Exercise. Retype the listing exactly, with no images.

The data.

☆ ☆ ☆ ☆ ☆ ☆ ☆

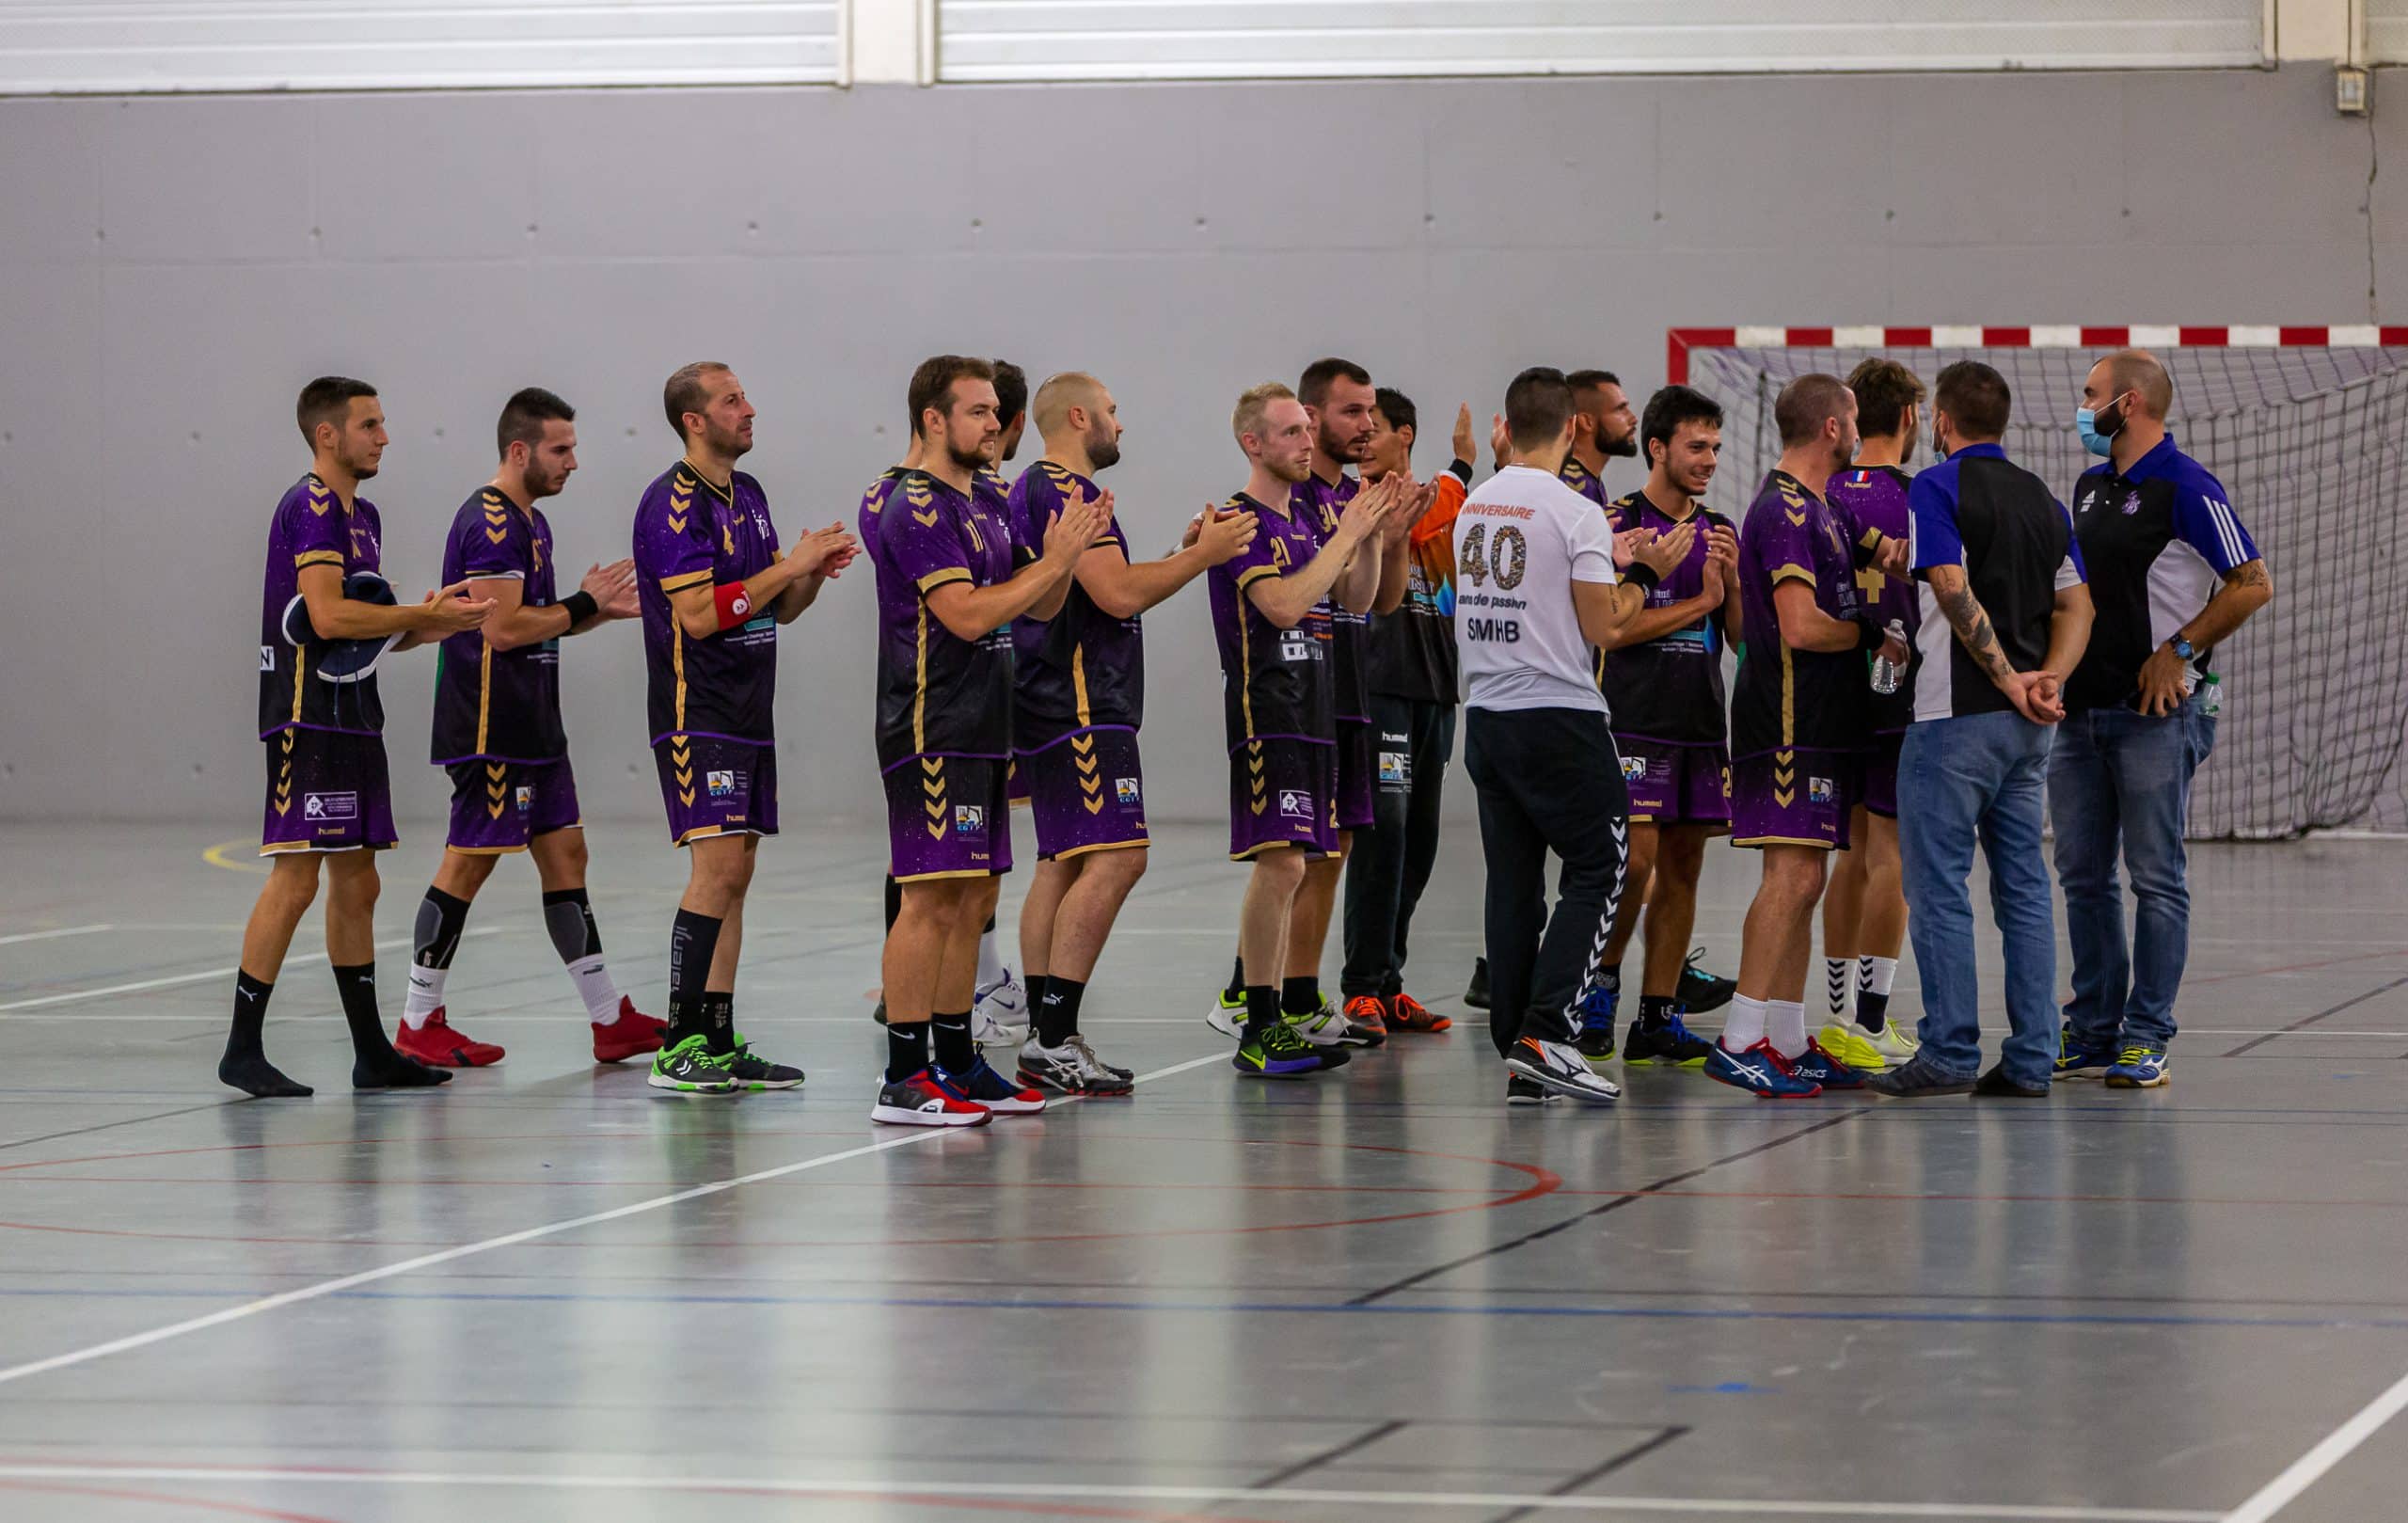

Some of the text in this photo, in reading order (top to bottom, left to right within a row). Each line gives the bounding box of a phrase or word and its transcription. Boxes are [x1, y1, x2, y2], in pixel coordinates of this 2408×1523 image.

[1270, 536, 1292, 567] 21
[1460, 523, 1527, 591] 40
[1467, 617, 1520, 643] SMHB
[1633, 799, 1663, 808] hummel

☆ ☆ ☆ ☆ ☆ ☆ ☆

Exercise solution.
Some of the text in this photo, in reading order (top to bottom, left to right within a row). Each line gives the bounding box of a phrase or word and its transcription. Boxes are [x1, y1, x2, y2], in pixel coordinates of this 2408×1523 image.

[1270, 536, 1292, 567] 21
[1460, 523, 1527, 591] 40
[1467, 617, 1520, 643] SMHB
[1633, 799, 1663, 808] hummel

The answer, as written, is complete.